(Items from a data source)
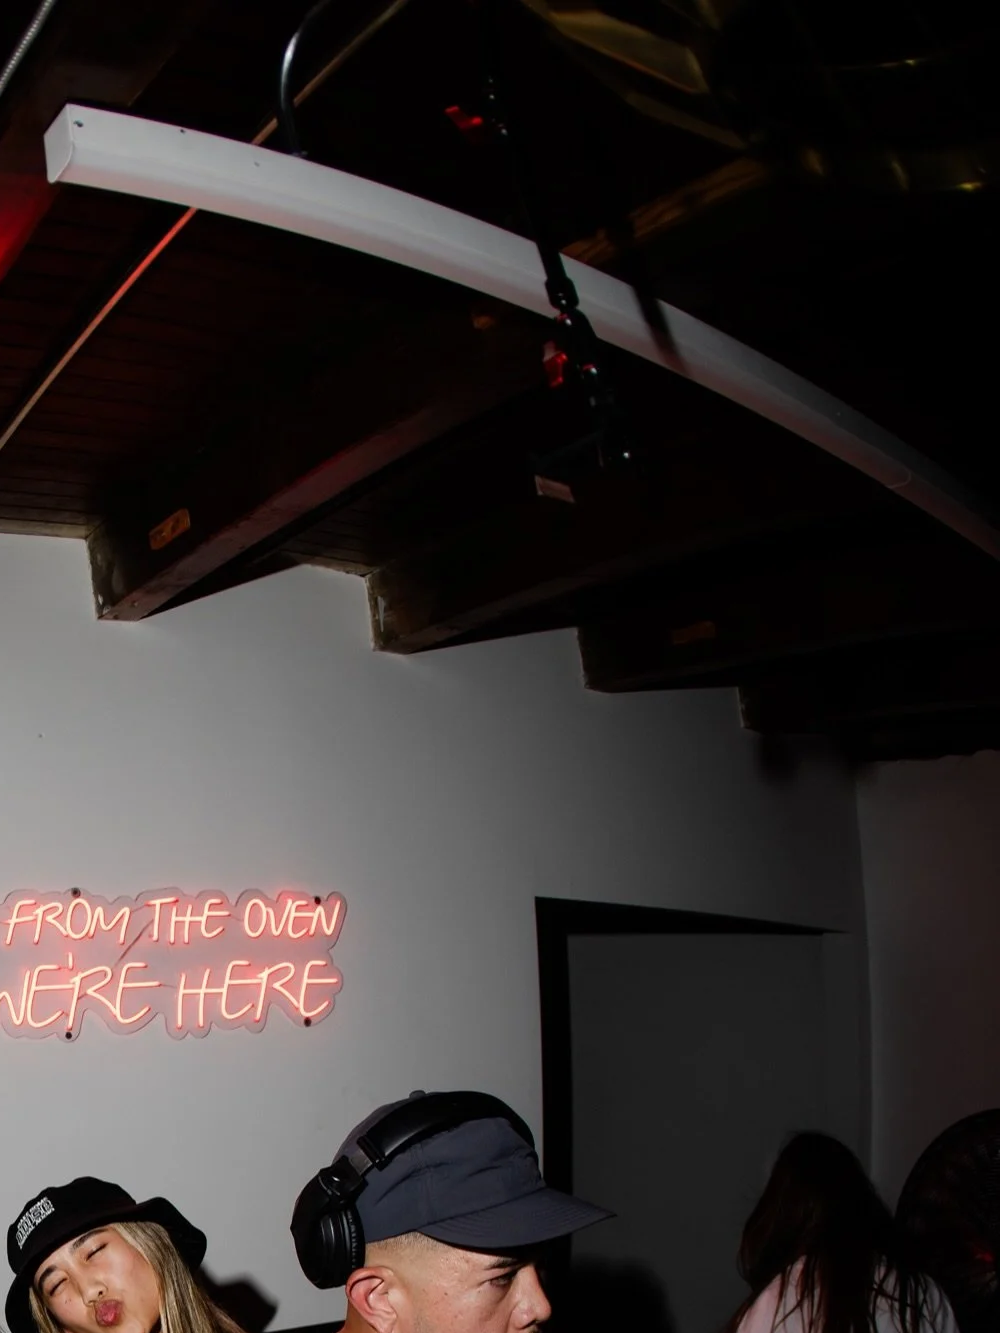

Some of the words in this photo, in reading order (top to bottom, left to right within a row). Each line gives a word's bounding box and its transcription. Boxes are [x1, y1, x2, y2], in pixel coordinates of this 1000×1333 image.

[6, 897, 130, 945] FROM
[145, 896, 230, 944] THE
[243, 897, 341, 939] OVEN
[175, 959, 338, 1028] HERE

> [Try it]:
Write out the data above in full and exactly, but not the pictures.

> [Output for this task]:
Some of the words in this photo, in reading order (top to bottom, left to right within a row). Each line gives a word's bounding box and its transcription. Boxes are [x1, y1, x2, y2], in pixel coordinates of this 1000×1333 image.

[6, 897, 130, 945] FROM
[145, 896, 230, 944] THE
[243, 897, 341, 939] OVEN
[175, 959, 338, 1028] HERE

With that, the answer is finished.